--- Entries shown Enclosed Below ---

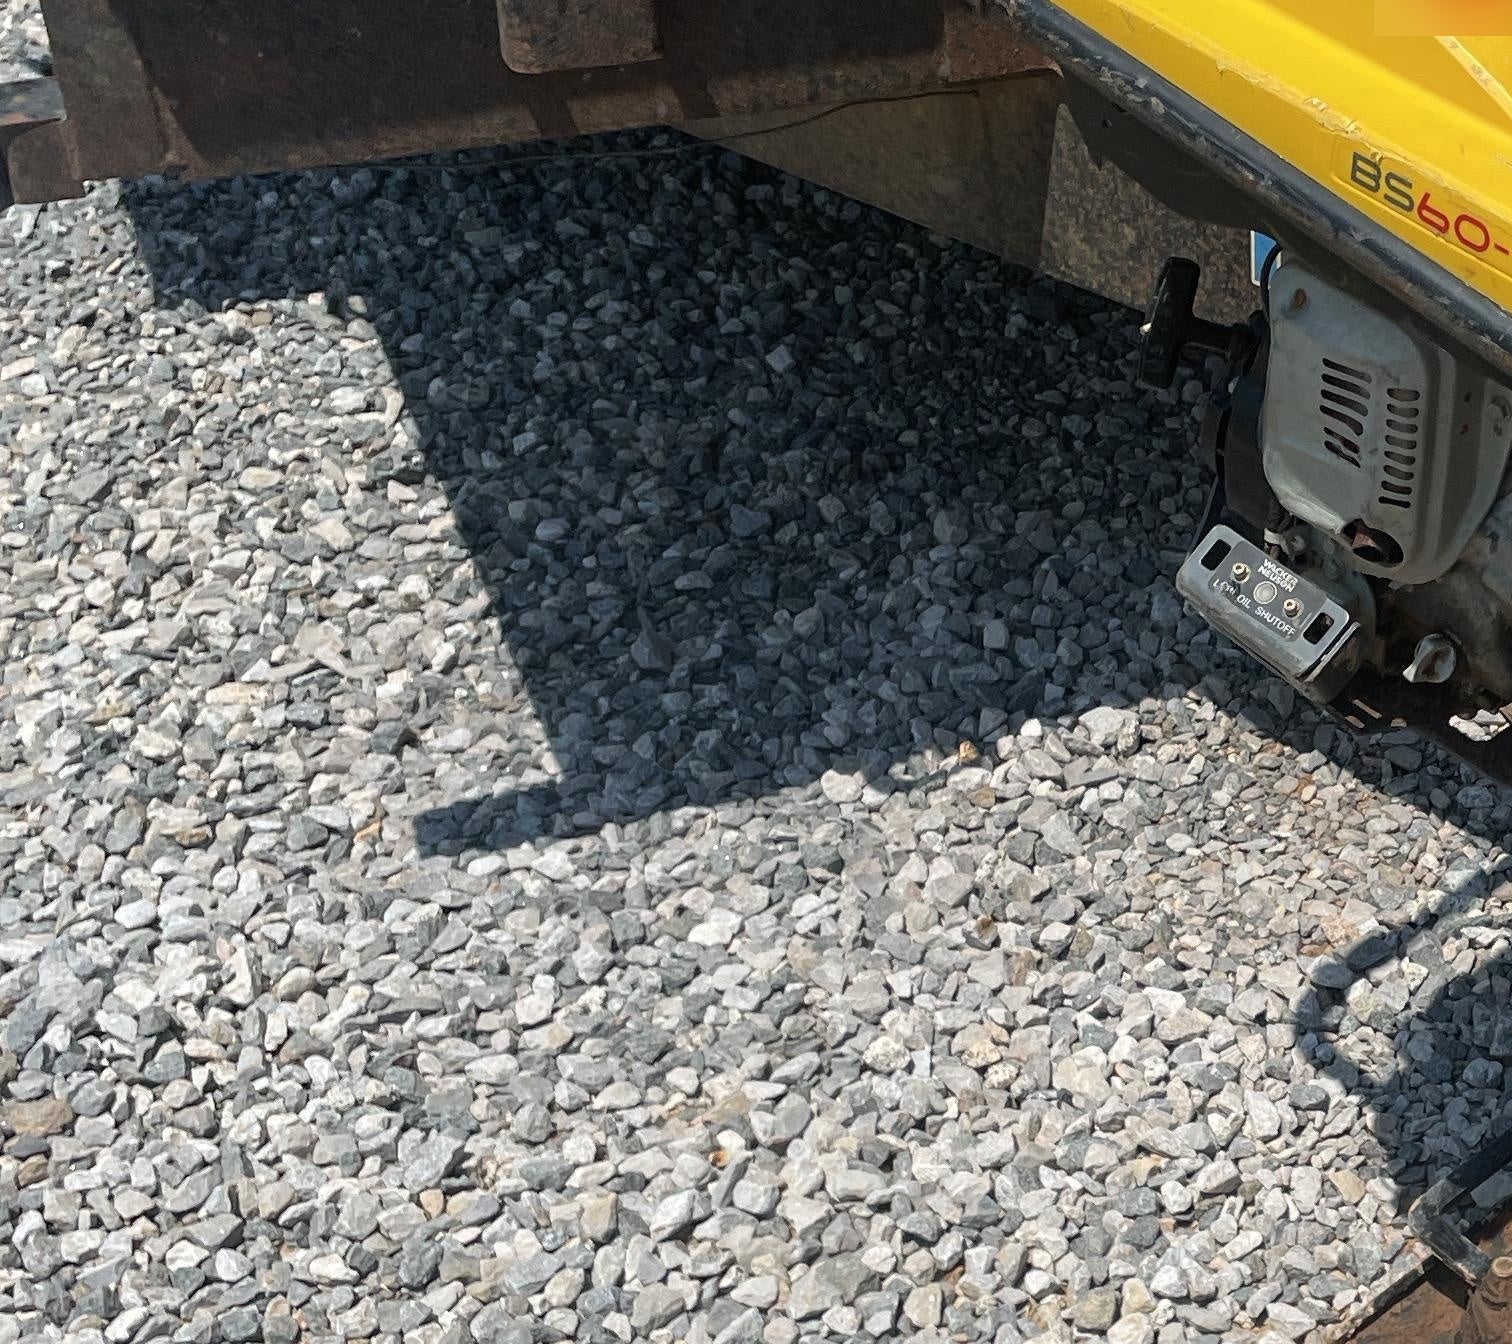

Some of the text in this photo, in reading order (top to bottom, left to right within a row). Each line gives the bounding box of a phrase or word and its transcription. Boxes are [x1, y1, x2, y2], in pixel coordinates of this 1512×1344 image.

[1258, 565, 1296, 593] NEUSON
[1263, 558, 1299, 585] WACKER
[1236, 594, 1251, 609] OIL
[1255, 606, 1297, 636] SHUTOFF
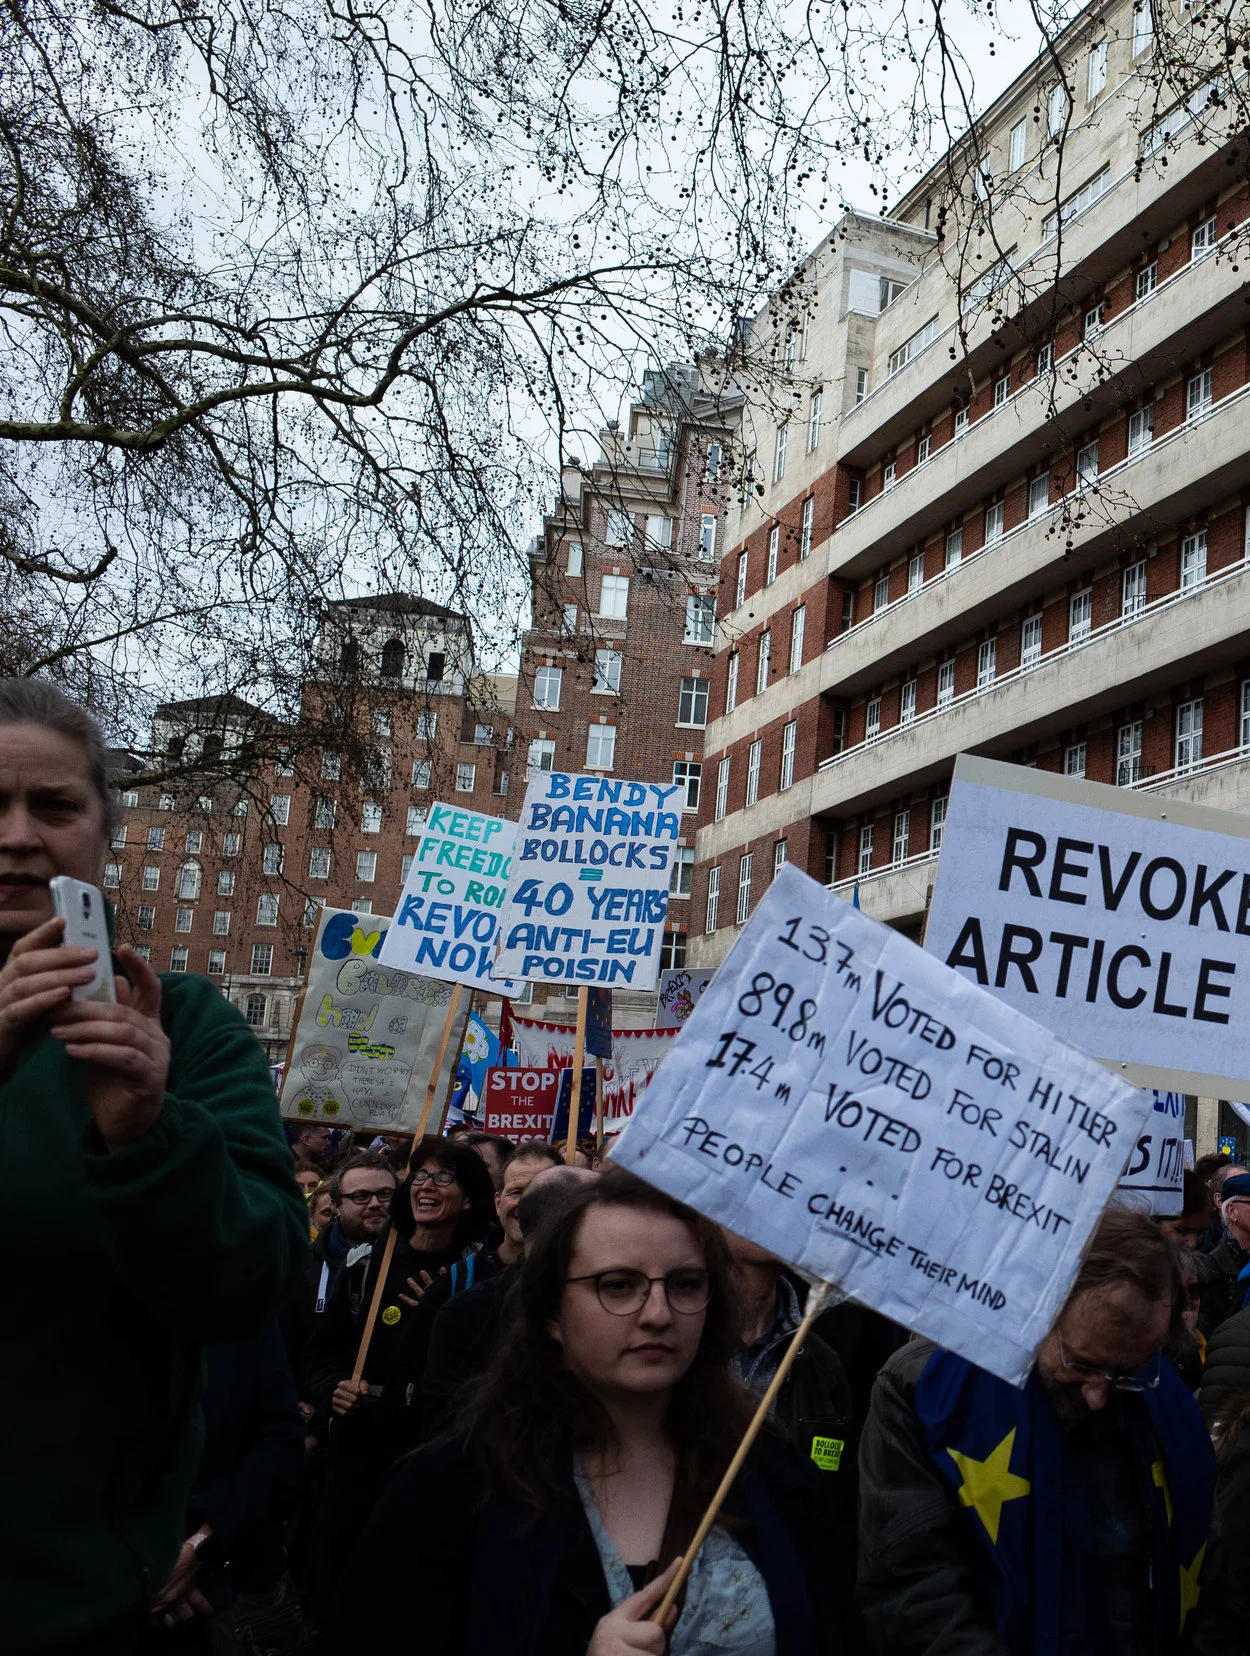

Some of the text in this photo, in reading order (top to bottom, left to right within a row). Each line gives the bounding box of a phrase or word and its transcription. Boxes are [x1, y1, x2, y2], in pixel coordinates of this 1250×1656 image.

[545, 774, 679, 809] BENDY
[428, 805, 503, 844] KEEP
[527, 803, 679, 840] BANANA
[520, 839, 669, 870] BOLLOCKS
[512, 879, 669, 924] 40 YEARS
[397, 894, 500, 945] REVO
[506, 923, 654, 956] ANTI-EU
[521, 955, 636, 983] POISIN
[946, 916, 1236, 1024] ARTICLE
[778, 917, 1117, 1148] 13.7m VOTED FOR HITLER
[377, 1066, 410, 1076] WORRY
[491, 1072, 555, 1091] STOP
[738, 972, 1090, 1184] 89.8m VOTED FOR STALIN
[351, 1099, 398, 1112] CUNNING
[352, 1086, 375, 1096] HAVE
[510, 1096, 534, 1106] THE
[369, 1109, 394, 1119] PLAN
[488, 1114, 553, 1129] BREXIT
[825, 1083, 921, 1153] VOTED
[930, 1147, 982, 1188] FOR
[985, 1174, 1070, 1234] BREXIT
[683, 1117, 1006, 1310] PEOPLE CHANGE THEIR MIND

--- End of Enclosed Entries shown ---

Brief: Without any pictures, please reproduce the full set of entries.

Finished exercise:
Some of the text in this photo, in reading order (top to bottom, left to right within a row). Each line gives the bounding box of a phrase or word and its transcription. Boxes are [x1, y1, x2, y2], in pixel coordinates of this 1512×1344 image.

[1258, 565, 1296, 593] NEUSON
[1263, 558, 1299, 585] WACKER
[1236, 594, 1251, 609] OIL
[1255, 606, 1297, 636] SHUTOFF

Some of the text in this photo, in reading order (top to bottom, left to right within a row). Each line gives the bounding box of a phrase or word and its transcription. Boxes are [x1, y1, x2, y2], in pixel coordinates of this 1250×1656 image.

[545, 774, 679, 809] BENDY
[428, 805, 503, 844] KEEP
[527, 803, 679, 840] BANANA
[520, 839, 669, 870] BOLLOCKS
[512, 879, 669, 924] 40 YEARS
[397, 894, 500, 945] REVO
[506, 923, 654, 956] ANTI-EU
[521, 955, 636, 983] POISIN
[946, 916, 1236, 1024] ARTICLE
[778, 917, 1117, 1148] 13.7m VOTED FOR HITLER
[377, 1066, 410, 1076] WORRY
[491, 1072, 555, 1091] STOP
[738, 972, 1090, 1184] 89.8m VOTED FOR STALIN
[351, 1099, 398, 1112] CUNNING
[352, 1086, 375, 1096] HAVE
[510, 1096, 534, 1106] THE
[369, 1109, 394, 1119] PLAN
[488, 1114, 553, 1129] BREXIT
[825, 1083, 921, 1153] VOTED
[930, 1147, 982, 1188] FOR
[985, 1174, 1070, 1234] BREXIT
[683, 1117, 1006, 1310] PEOPLE CHANGE THEIR MIND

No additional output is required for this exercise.